PROBLEM TO SOLVE
The records below must be repeated exactly, but without their pictures.

DATA FOR THE TASK
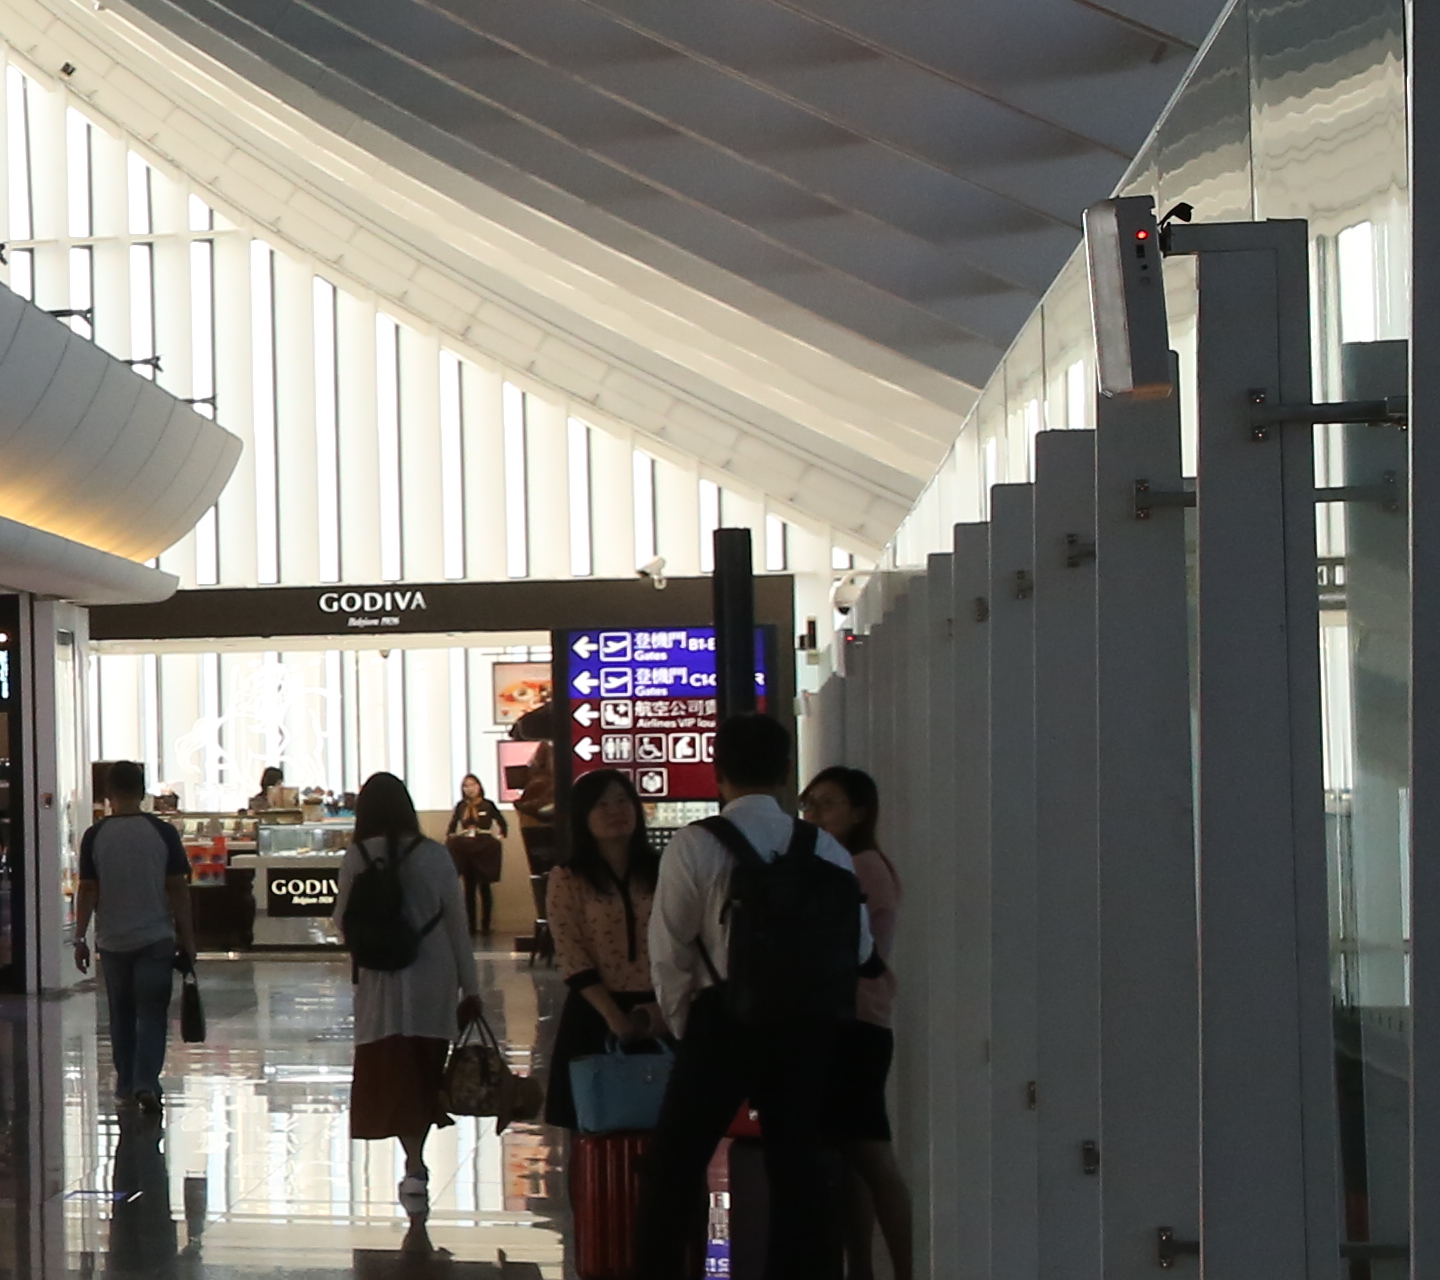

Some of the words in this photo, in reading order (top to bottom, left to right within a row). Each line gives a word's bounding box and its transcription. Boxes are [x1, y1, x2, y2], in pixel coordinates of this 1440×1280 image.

[319, 590, 427, 614] GODIVA
[634, 631, 687, 649] 登機門
[634, 650, 668, 661] Gates
[634, 667, 688, 685] 登機門
[635, 686, 668, 696] Gates
[635, 699, 716, 717] 航空公司貴
[636, 717, 677, 728] Airlines
[678, 718, 696, 727] VIP
[697, 717, 716, 728] lou
[271, 879, 339, 896] GODIV

EXERCISE ANSWER
Some of the words in this photo, in reading order (top to bottom, left to right within a row). Each line gives a word's bounding box and its transcription. Boxes are [x1, y1, x2, y2], in pixel coordinates of this 1440×1280 image.

[319, 590, 427, 614] GODIVA
[634, 631, 687, 649] 登機門
[634, 650, 668, 661] Gates
[634, 667, 688, 685] 登機門
[635, 686, 668, 696] Gates
[635, 699, 716, 717] 航空公司貴
[636, 717, 677, 728] Airlines
[678, 718, 696, 727] VIP
[697, 717, 716, 728] lou
[271, 879, 339, 896] GODIV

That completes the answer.